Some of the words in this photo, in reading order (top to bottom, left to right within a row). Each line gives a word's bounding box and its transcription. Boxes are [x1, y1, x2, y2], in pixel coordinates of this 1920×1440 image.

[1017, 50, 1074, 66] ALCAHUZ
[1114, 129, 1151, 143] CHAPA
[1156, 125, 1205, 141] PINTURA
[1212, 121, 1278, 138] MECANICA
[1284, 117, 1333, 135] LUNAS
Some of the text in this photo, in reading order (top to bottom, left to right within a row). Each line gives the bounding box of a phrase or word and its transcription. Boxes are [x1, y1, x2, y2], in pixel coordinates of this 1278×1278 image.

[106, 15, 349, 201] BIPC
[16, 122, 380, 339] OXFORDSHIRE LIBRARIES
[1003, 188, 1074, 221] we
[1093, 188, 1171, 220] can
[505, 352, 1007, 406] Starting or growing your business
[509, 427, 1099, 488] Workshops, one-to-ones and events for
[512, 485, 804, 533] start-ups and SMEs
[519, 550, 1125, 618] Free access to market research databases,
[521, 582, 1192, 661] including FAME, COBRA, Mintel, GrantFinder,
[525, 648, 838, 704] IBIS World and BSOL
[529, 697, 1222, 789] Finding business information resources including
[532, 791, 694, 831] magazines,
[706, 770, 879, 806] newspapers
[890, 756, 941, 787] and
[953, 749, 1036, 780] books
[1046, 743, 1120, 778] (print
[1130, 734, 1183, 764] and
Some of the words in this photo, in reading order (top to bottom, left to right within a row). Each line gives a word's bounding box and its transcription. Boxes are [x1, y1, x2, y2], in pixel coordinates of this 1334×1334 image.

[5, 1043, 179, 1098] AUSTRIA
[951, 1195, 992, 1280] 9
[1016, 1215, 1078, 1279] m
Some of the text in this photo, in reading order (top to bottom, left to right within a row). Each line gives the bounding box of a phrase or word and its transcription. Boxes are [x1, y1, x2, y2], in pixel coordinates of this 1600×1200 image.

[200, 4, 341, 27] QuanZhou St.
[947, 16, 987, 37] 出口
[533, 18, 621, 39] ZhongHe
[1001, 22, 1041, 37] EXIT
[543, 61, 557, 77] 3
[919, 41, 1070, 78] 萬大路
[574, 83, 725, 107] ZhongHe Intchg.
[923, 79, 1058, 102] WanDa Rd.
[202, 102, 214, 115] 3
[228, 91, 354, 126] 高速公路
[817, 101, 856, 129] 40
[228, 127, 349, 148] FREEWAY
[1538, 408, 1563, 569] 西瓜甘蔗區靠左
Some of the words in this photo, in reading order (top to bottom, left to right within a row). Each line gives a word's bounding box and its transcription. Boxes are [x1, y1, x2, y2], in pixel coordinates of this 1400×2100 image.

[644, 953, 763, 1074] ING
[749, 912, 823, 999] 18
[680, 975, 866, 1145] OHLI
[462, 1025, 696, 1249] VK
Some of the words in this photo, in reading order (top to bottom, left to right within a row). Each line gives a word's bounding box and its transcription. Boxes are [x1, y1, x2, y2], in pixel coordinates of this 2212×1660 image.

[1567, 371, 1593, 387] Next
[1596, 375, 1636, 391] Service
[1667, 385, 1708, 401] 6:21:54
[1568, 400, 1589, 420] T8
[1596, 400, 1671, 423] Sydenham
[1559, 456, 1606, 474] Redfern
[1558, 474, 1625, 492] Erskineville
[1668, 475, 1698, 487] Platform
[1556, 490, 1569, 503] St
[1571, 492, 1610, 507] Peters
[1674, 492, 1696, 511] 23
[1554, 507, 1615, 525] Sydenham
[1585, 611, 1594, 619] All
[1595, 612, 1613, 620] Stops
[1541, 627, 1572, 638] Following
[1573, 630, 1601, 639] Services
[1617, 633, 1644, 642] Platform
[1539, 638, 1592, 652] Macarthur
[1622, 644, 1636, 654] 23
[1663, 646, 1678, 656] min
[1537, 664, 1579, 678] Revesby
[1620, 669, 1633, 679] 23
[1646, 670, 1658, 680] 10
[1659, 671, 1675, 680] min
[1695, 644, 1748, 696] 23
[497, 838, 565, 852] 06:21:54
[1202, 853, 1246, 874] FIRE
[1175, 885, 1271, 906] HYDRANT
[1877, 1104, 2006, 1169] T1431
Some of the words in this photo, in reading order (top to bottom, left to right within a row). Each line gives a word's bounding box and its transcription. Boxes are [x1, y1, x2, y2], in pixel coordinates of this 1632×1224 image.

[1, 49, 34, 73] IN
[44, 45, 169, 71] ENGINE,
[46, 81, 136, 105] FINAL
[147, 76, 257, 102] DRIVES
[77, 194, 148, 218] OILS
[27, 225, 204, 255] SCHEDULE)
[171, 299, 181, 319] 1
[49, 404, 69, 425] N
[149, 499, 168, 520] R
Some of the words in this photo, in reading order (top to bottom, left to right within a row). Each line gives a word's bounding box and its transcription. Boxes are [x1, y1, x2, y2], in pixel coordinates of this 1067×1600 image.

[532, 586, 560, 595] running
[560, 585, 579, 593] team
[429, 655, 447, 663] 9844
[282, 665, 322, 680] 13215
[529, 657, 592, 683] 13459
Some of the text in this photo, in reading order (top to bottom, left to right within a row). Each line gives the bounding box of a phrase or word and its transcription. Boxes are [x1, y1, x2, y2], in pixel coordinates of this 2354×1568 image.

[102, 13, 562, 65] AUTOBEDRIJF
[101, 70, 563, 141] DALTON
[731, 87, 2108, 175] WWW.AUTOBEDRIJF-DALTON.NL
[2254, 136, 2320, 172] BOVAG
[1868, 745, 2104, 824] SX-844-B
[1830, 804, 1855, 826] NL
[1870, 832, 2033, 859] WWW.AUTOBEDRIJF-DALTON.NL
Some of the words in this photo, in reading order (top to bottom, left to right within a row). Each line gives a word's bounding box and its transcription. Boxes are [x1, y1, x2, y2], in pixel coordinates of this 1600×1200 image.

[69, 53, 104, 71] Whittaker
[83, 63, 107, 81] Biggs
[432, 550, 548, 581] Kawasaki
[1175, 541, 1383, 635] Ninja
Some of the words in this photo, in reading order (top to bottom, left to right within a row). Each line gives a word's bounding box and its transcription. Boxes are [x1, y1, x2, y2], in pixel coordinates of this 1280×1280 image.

■ ■ ■ ■ ■

## Your task
What you return must match the records exactly, line for line.

## Task solution
Some of the words in this photo, in reading order (top to bottom, left to right within a row). Each line gives a word's bounding box and its transcription. Boxes are [x1, y1, x2, y2], in pixel coordinates of this 1920×1440 image.

[1017, 50, 1074, 66] ALCAHUZ
[1114, 129, 1151, 143] CHAPA
[1156, 125, 1205, 141] PINTURA
[1212, 121, 1278, 138] MECANICA
[1284, 117, 1333, 135] LUNAS
Some of the text in this photo, in reading order (top to bottom, left to right within a row). Each line gives the bounding box of a phrase or word and its transcription. Boxes are [x1, y1, x2, y2], in pixel coordinates of this 1278×1278 image.

[106, 15, 349, 201] BIPC
[16, 122, 380, 339] OXFORDSHIRE LIBRARIES
[1003, 188, 1074, 221] we
[1093, 188, 1171, 220] can
[505, 352, 1007, 406] Starting or growing your business
[509, 427, 1099, 488] Workshops, one-to-ones and events for
[512, 485, 804, 533] start-ups and SMEs
[519, 550, 1125, 618] Free access to market research databases,
[521, 582, 1192, 661] including FAME, COBRA, Mintel, GrantFinder,
[525, 648, 838, 704] IBIS World and BSOL
[529, 697, 1222, 789] Finding business information resources including
[532, 791, 694, 831] magazines,
[706, 770, 879, 806] newspapers
[890, 756, 941, 787] and
[953, 749, 1036, 780] books
[1046, 743, 1120, 778] (print
[1130, 734, 1183, 764] and
Some of the words in this photo, in reading order (top to bottom, left to right within a row). Each line gives a word's bounding box and its transcription. Boxes are [x1, y1, x2, y2], in pixel coordinates of this 1334×1334 image.

[5, 1043, 179, 1098] AUSTRIA
[951, 1195, 992, 1280] 9
[1016, 1215, 1078, 1279] m
Some of the text in this photo, in reading order (top to bottom, left to right within a row). Each line gives the bounding box of a phrase or word and its transcription. Boxes are [x1, y1, x2, y2], in pixel coordinates of this 1600×1200 image.

[200, 4, 341, 27] QuanZhou St.
[947, 16, 987, 37] 出口
[533, 18, 621, 39] ZhongHe
[1001, 22, 1041, 37] EXIT
[543, 61, 557, 77] 3
[919, 41, 1070, 78] 萬大路
[574, 83, 725, 107] ZhongHe Intchg.
[923, 79, 1058, 102] WanDa Rd.
[202, 102, 214, 115] 3
[228, 91, 354, 126] 高速公路
[817, 101, 856, 129] 40
[228, 127, 349, 148] FREEWAY
[1538, 408, 1563, 569] 西瓜甘蔗區靠左
Some of the words in this photo, in reading order (top to bottom, left to right within a row). Each line gives a word's bounding box and its transcription. Boxes are [x1, y1, x2, y2], in pixel coordinates of this 1400×2100 image.

[644, 953, 763, 1074] ING
[749, 912, 823, 999] 18
[680, 975, 866, 1145] OHLI
[462, 1025, 696, 1249] VK
Some of the words in this photo, in reading order (top to bottom, left to right within a row). Each line gives a word's bounding box and its transcription. Boxes are [x1, y1, x2, y2], in pixel coordinates of this 2212×1660 image.

[1567, 371, 1593, 387] Next
[1596, 375, 1636, 391] Service
[1667, 385, 1708, 401] 6:21:54
[1568, 400, 1589, 420] T8
[1596, 400, 1671, 423] Sydenham
[1559, 456, 1606, 474] Redfern
[1558, 474, 1625, 492] Erskineville
[1668, 475, 1698, 487] Platform
[1556, 490, 1569, 503] St
[1571, 492, 1610, 507] Peters
[1674, 492, 1696, 511] 23
[1554, 507, 1615, 525] Sydenham
[1585, 611, 1594, 619] All
[1595, 612, 1613, 620] Stops
[1541, 627, 1572, 638] Following
[1573, 630, 1601, 639] Services
[1617, 633, 1644, 642] Platform
[1539, 638, 1592, 652] Macarthur
[1622, 644, 1636, 654] 23
[1663, 646, 1678, 656] min
[1537, 664, 1579, 678] Revesby
[1620, 669, 1633, 679] 23
[1646, 670, 1658, 680] 10
[1659, 671, 1675, 680] min
[1695, 644, 1748, 696] 23
[497, 838, 565, 852] 06:21:54
[1202, 853, 1246, 874] FIRE
[1175, 885, 1271, 906] HYDRANT
[1877, 1104, 2006, 1169] T1431
Some of the words in this photo, in reading order (top to bottom, left to right within a row). Each line gives a word's bounding box and its transcription. Boxes are [x1, y1, x2, y2], in pixel coordinates of this 1632×1224 image.

[1, 49, 34, 73] IN
[44, 45, 169, 71] ENGINE,
[46, 81, 136, 105] FINAL
[147, 76, 257, 102] DRIVES
[77, 194, 148, 218] OILS
[27, 225, 204, 255] SCHEDULE)
[171, 299, 181, 319] 1
[49, 404, 69, 425] N
[149, 499, 168, 520] R
Some of the words in this photo, in reading order (top to bottom, left to right within a row). Each line gives a word's bounding box and its transcription. Boxes are [x1, y1, x2, y2], in pixel coordinates of this 1067×1600 image.

[532, 586, 560, 595] running
[560, 585, 579, 593] team
[429, 655, 447, 663] 9844
[282, 665, 322, 680] 13215
[529, 657, 592, 683] 13459
Some of the text in this photo, in reading order (top to bottom, left to right within a row). Each line gives the bounding box of a phrase or word and its transcription. Boxes are [x1, y1, x2, y2], in pixel coordinates of this 2354×1568 image.

[102, 13, 562, 65] AUTOBEDRIJF
[101, 70, 563, 141] DALTON
[731, 87, 2108, 175] WWW.AUTOBEDRIJF-DALTON.NL
[2254, 136, 2320, 172] BOVAG
[1868, 745, 2104, 824] SX-844-B
[1830, 804, 1855, 826] NL
[1870, 832, 2033, 859] WWW.AUTOBEDRIJF-DALTON.NL
Some of the words in this photo, in reading order (top to bottom, left to right within a row). Each line gives a word's bounding box and its transcription. Boxes are [x1, y1, x2, y2], in pixel coordinates of this 1600×1200 image.

[69, 53, 104, 71] Whittaker
[83, 63, 107, 81] Biggs
[432, 550, 548, 581] Kawasaki
[1175, 541, 1383, 635] Ninja
Some of the words in this photo, in reading order (top to bottom, left to right within a row). Each line gives a word's bounding box and its transcription. Boxes are [x1, y1, x2, y2], in pixel coordinates of this 1280×1280 image.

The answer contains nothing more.